If there's one thing that I like about Intel (INTC) (and believe me, I like plenty), it's that the firm is not afraid to spend its cash to bolster its technology portfolio. While the major headline "expense" is capital expenditures, and this is closely followed by R&D to the tune of $10B+, it is interesting to see some of the smaller acquisitions that the company makes. Earlier we saw Intel gobble up engineers and assets from ZiiLABS, presumably to beef up its low power graphics portfolio, and then of course we had the Fulcrum, Cray (CRAY) fabric, and QLogic (QLGC) fabric acquisitions. Today, Intel picked up ST-Ericsson's GPS division/assets, and it speaks loudly and clearly to what Intel is aiming at going forward.

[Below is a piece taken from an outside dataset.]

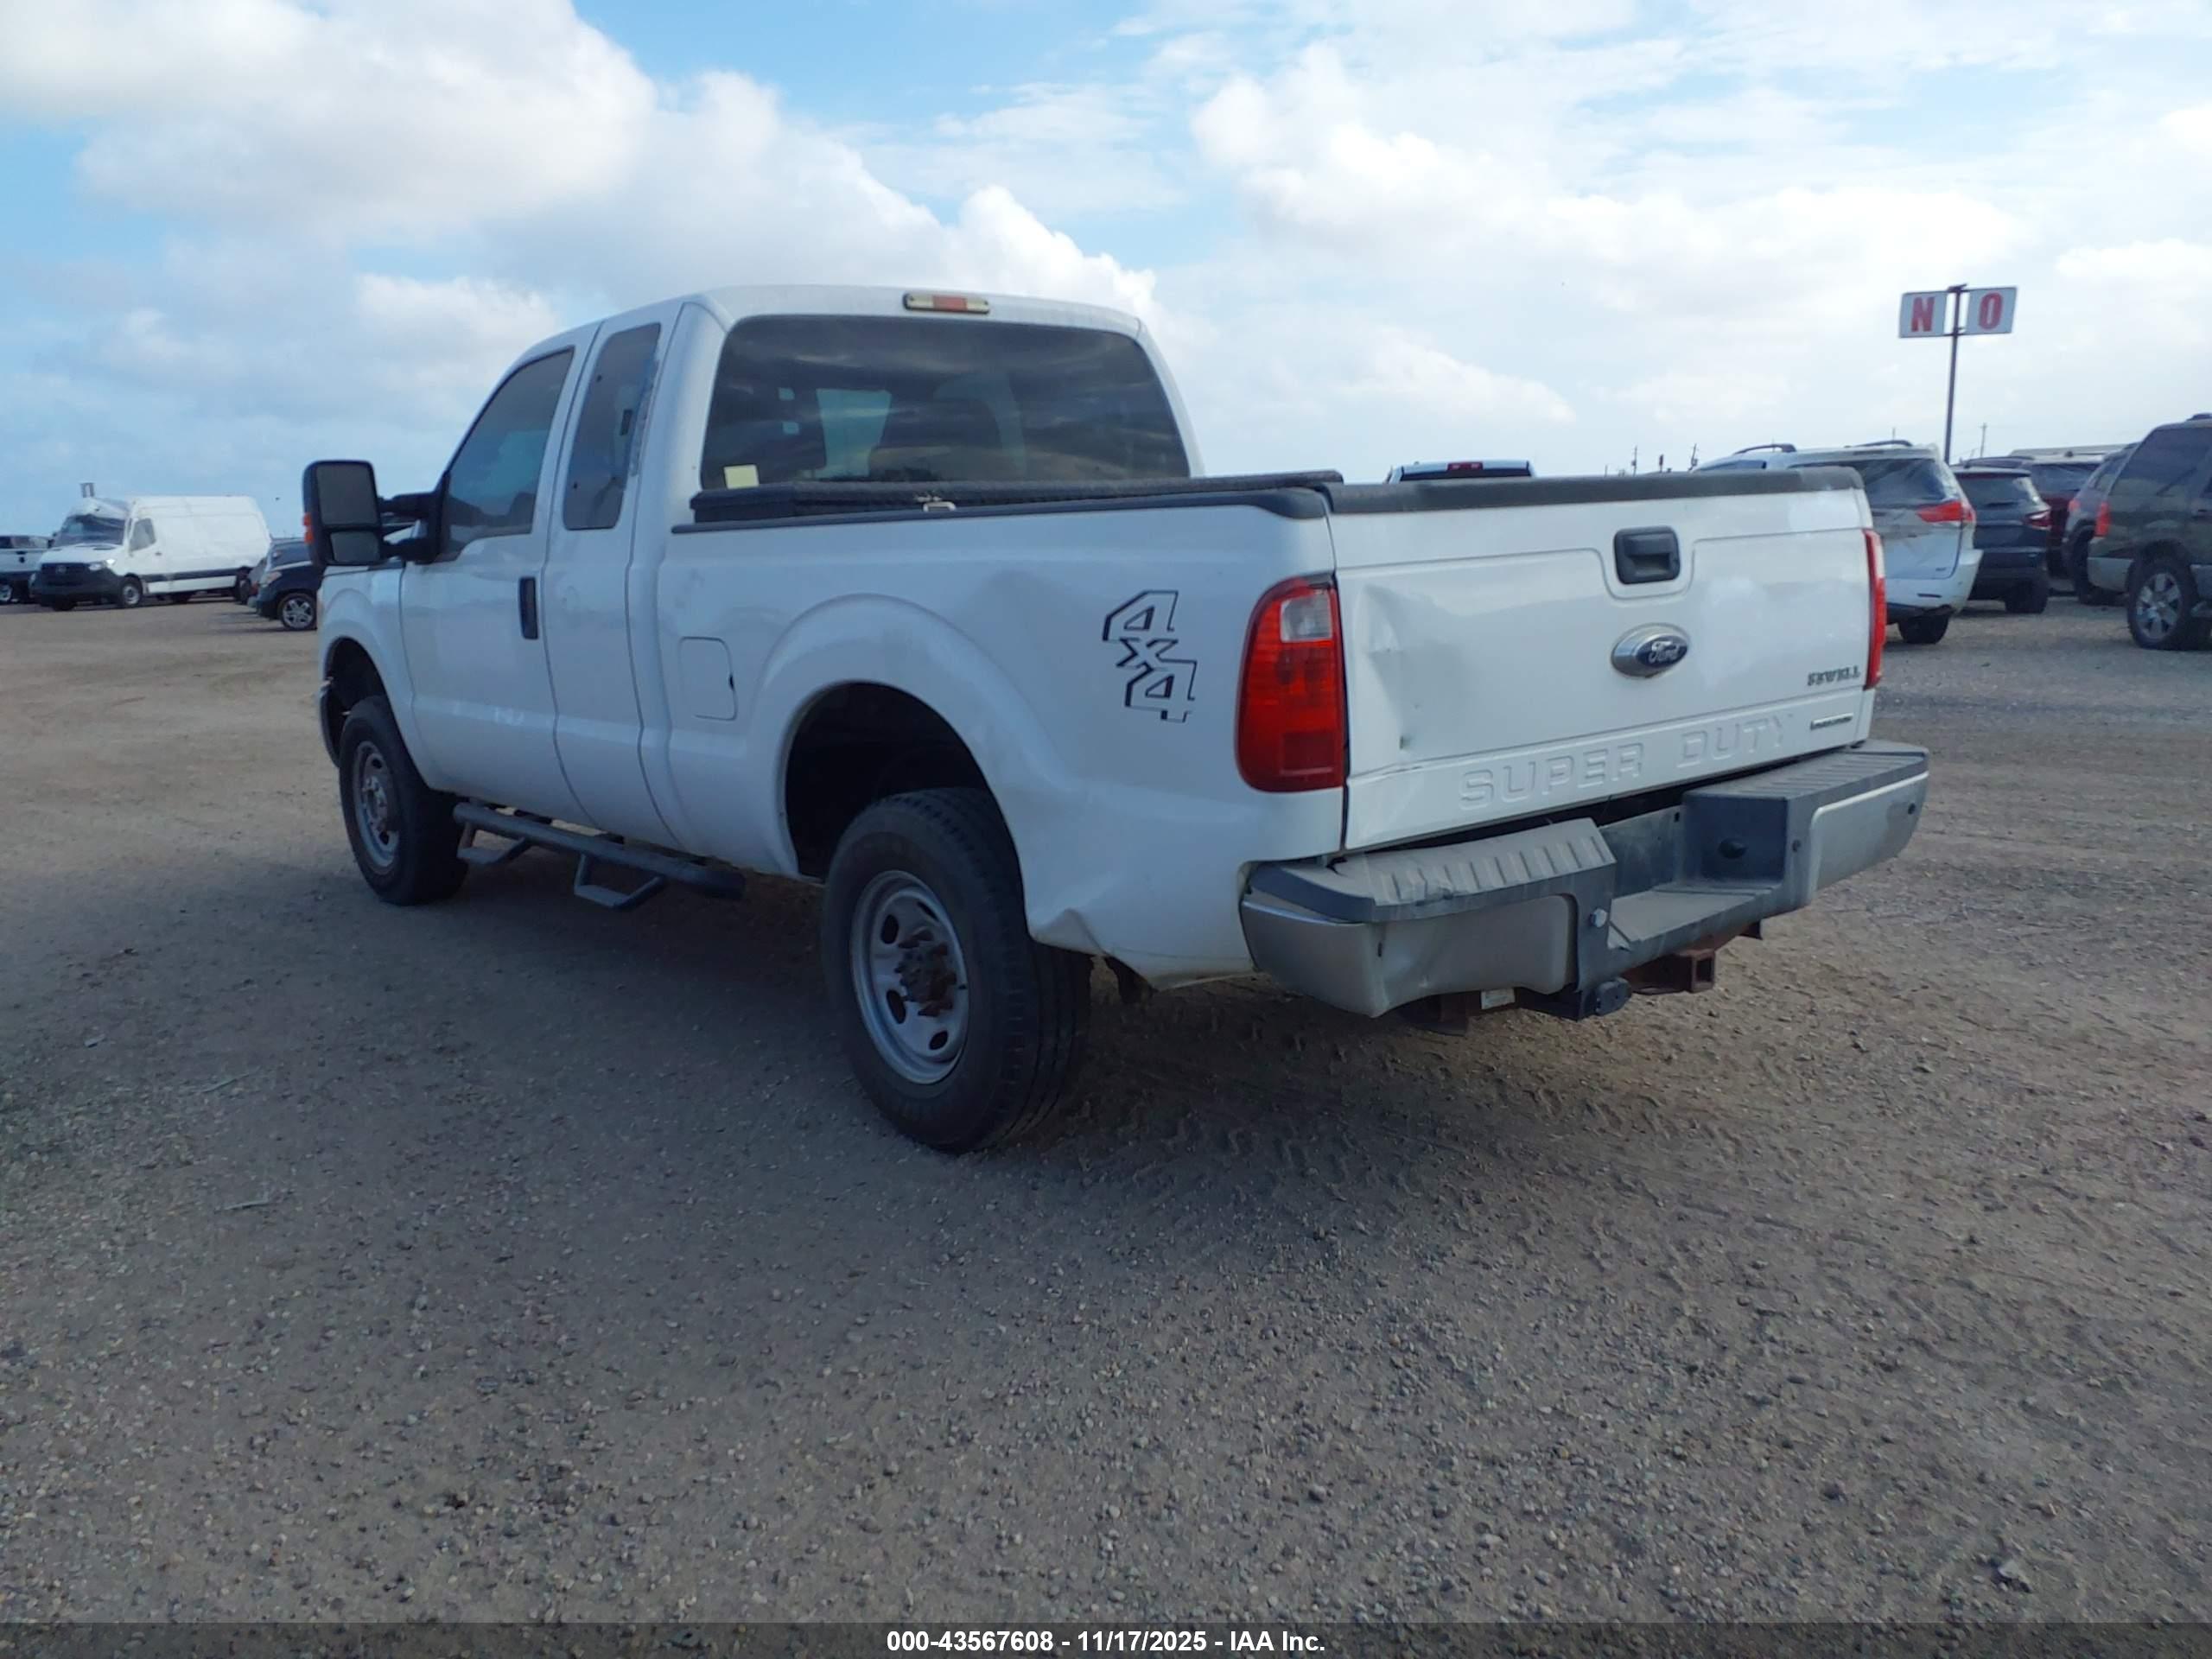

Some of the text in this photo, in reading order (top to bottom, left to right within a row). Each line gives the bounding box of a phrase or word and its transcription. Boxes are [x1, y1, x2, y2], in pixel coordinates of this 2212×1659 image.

[1910, 292, 2003, 332] N O
[1458, 712, 1795, 811] SUPER DUTY

Intel - It Stands For Integrated Electronics
The real point of Moore's law is that on a regular cadence, semiconductor companies can pack more transistors in a given area than in previous generations and have things stay economical. What you're seeing now in the semiconductor space is a frenzied attempt from players such as Taiwan Semiconductor (TSM) and Samsung (GM:SSNLF) to try to "catch up" to Intel on transistor technology. While with the "16nm" and "14nm" processes from these two firms will offer minimal scaling benefits over their unreleased 20nm processes (so, think 2015/2016 before any real volume on these hybrid processes), Intel will go into high volume production of its own 14nm process that brings the traditional scaling benefits from the prior 22nm generation.
Make no mistake, this is a gigantic lead that will only get wider. This means that at the same die size, Intel will be able to pack on significantly larger numbers of transistors, which means that each chip can contain more "value." While the transistors at the high end are typically spent making these chips faster, putting in more cores, larger caches, and so on, the real value of a process lead in smartphones/tablets parts and other highly integrated chips is that Intel can integrate more things and consume a larger part of the bill of materials. This means higher selling prices for each chip.

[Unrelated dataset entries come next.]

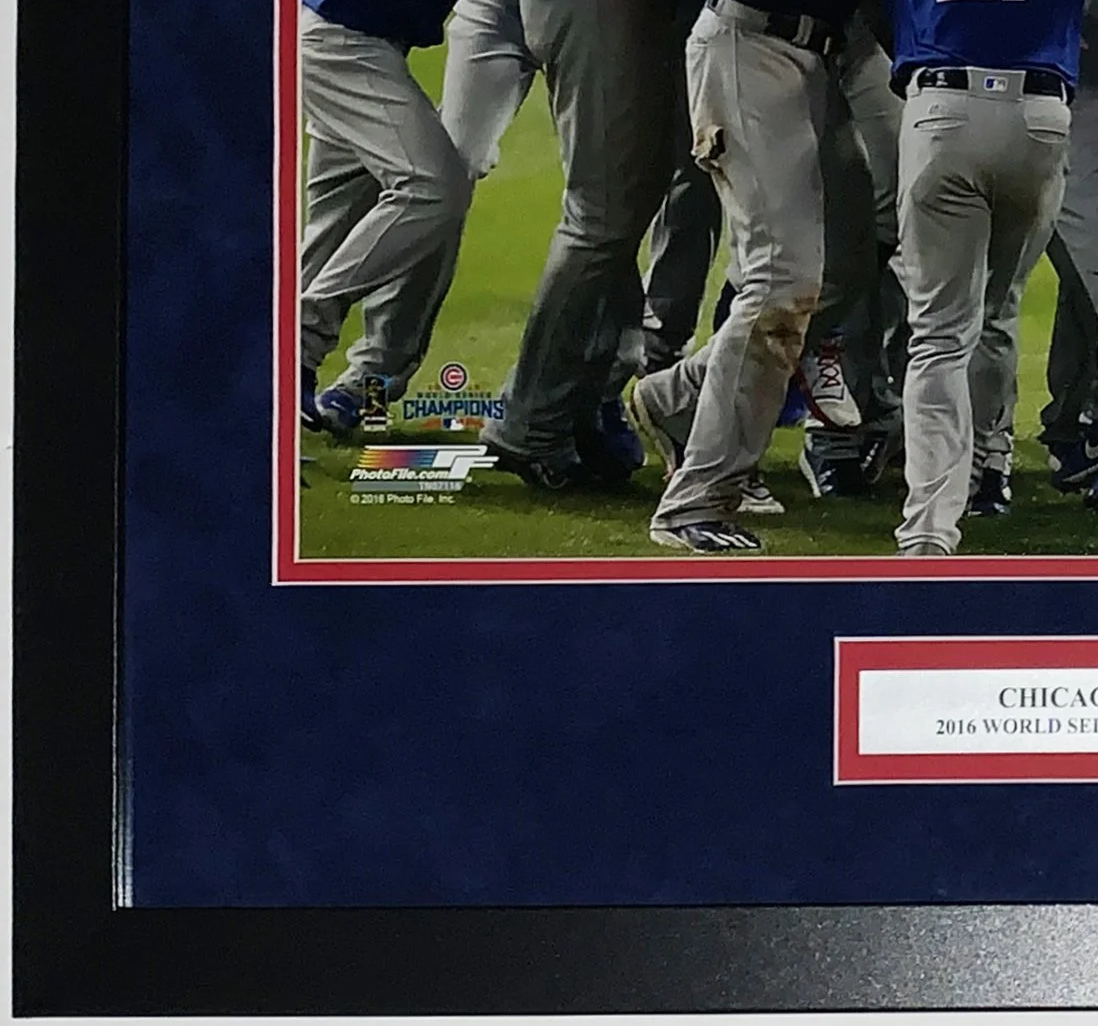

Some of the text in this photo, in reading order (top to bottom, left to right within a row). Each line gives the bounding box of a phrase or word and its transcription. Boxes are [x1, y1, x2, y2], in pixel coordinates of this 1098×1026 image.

[403, 399, 505, 420] CHAMPIONS
[350, 468, 450, 480] PhotoFile.com
[387, 494, 414, 504] Photo
[935, 718, 977, 735] 2016
[983, 718, 1062, 734] WORLD
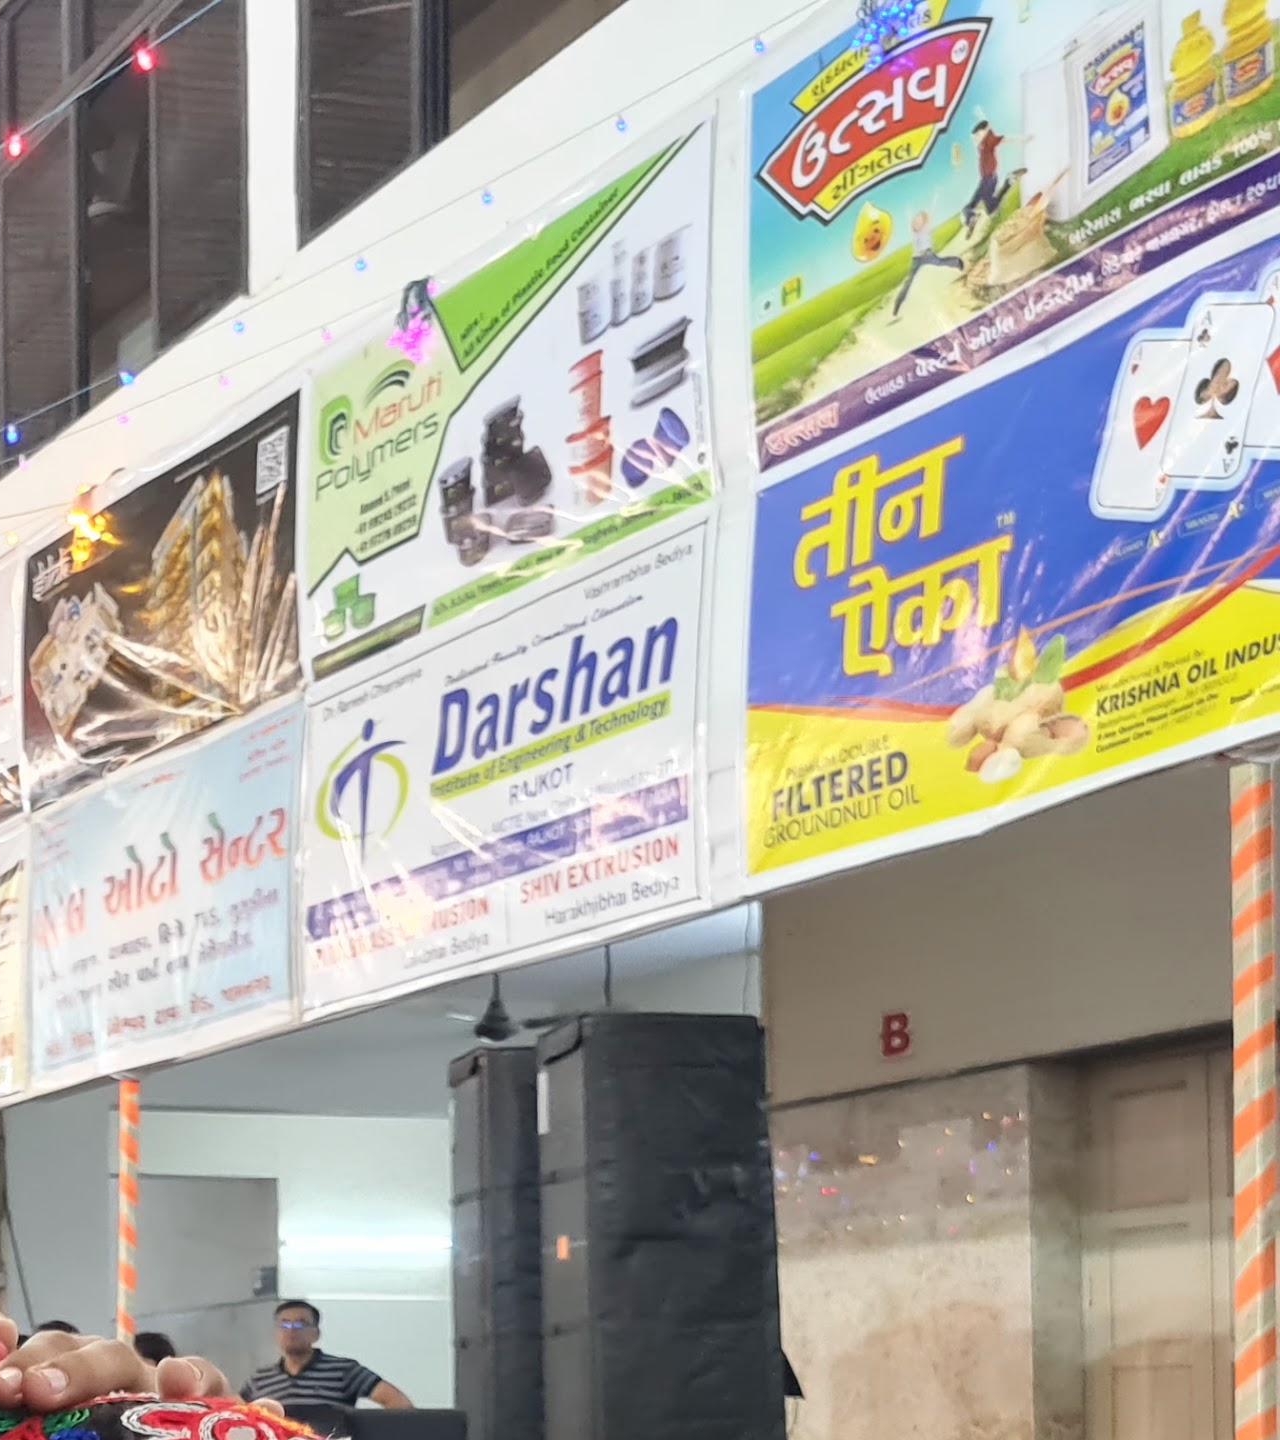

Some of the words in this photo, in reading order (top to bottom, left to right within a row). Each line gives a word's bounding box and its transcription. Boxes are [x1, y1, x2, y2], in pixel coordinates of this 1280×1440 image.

[791, 64, 948, 189] ઉત્સવ
[353, 371, 444, 445] Maruti
[314, 411, 440, 503] Polymers
[793, 435, 966, 591] तीन
[431, 615, 679, 777] Darshan
[1096, 672, 1181, 718] KRISHNA
[1187, 657, 1218, 684] OIL
[498, 733, 573, 776] Engineering
[588, 696, 669, 737] Technology
[762, 793, 883, 849] GROUNDNUT
[887, 783, 922, 812] OIL
[771, 750, 909, 823] FILTERED
[102, 831, 180, 916] ઓટો
[199, 807, 289, 884] સેન્ટર
[519, 870, 563, 905] SHIV
[567, 834, 682, 890] EXTRUSION
[881, 1012, 911, 1056] B

Broadcom (BRCM) is a company that has seen rather nice success in the smartphone space, selling WiFi/Bluetooth "combo" chips. Qualcomm (QCOM) too has seen success in the mobile apps processor space as it has integrated the modem among other components onto its SoCs. Intel, too, plans to release an integrated baseband + apps processor in 2014. But this is just the beginning.
See, the value that having the world's "best" transistors isn't even necessarily for performance (although this is still a key consideration), but for integration. If you can integrate more onto your chip than your competitors while at the same time keeping your die sizes smaller, then this is an instant competitive advantage. Not only can you actually command an ASP premium to your competitors, but your production costs are lower. This is precisely how Intel appears to be using its process technology lead in the low power space, and I think that it will become even more evident to the general investment public as Intel's first 22nm parts hit the market later this year.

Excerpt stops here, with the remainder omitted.